[Given entries Boundary: Start]

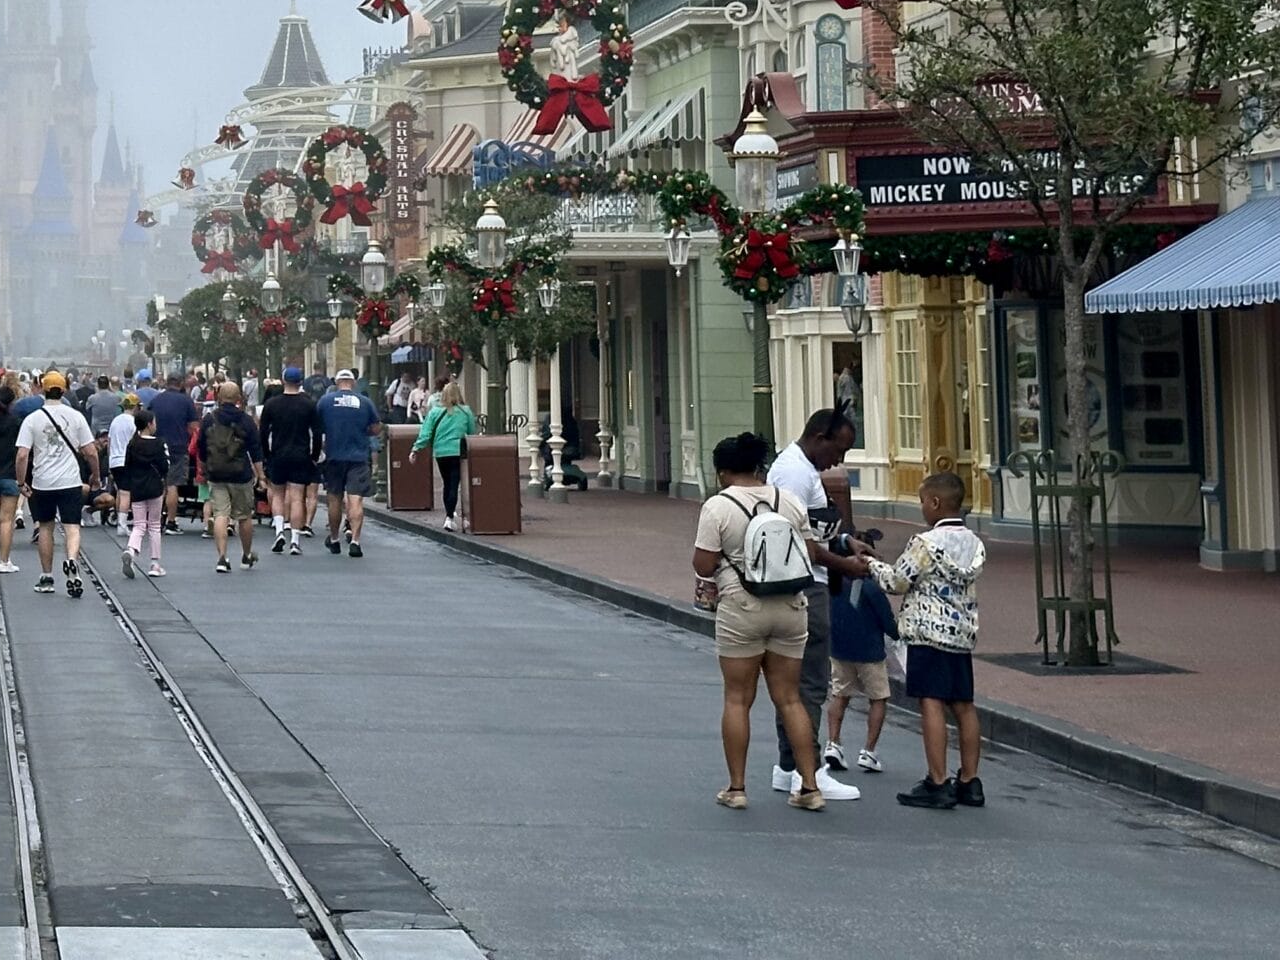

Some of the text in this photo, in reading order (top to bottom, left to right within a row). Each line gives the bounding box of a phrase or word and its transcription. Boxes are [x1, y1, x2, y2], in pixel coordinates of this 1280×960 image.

[976, 83, 1010, 97] AIN
[396, 120, 408, 218] CRYSTAL ARTS
[923, 157, 970, 176] NOW
[870, 183, 946, 204] MICKEY
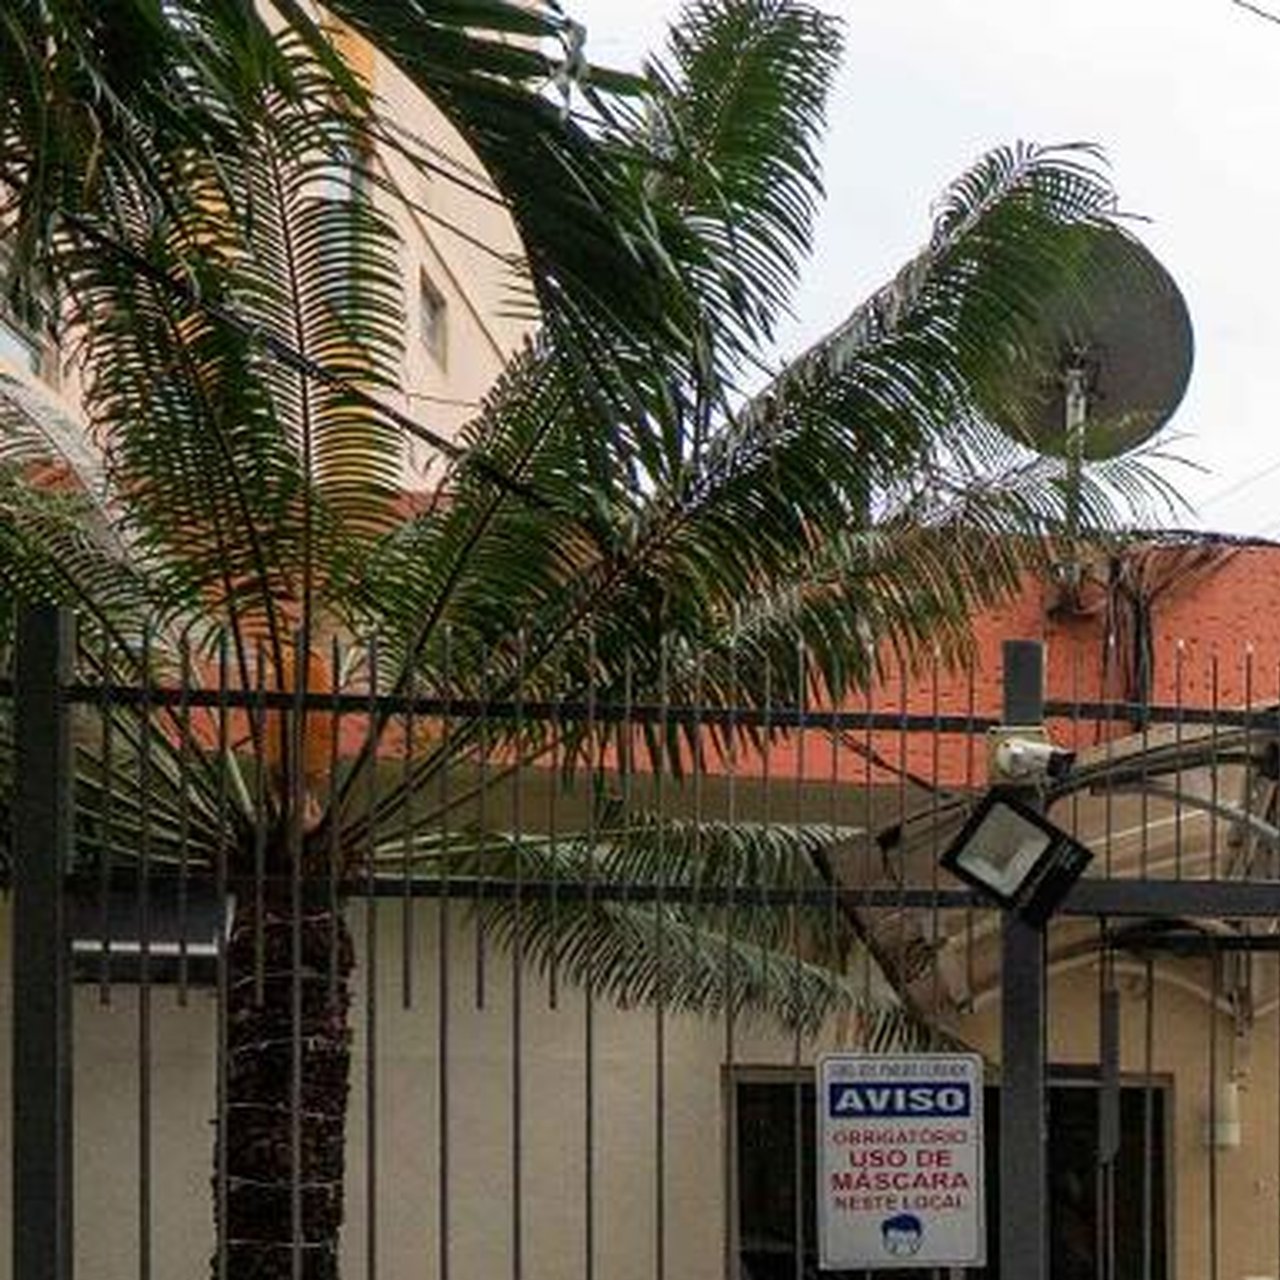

[Given entries Boundary: End]

Your goal:
Your task is to repeat the records exactly. Images do not belong in the copy.

Task output:
Some of the text in this photo, in reading order (top to bottom, left to right within a row). Each line gives the bounding box of a phrase or word and its transcription. Boxes are [x1, y1, x2, y2], in pixel coordinates of this 1280×960 image.

[976, 83, 1010, 97] AIN
[396, 120, 408, 218] CRYSTAL ARTS
[923, 157, 970, 176] NOW
[870, 183, 946, 204] MICKEY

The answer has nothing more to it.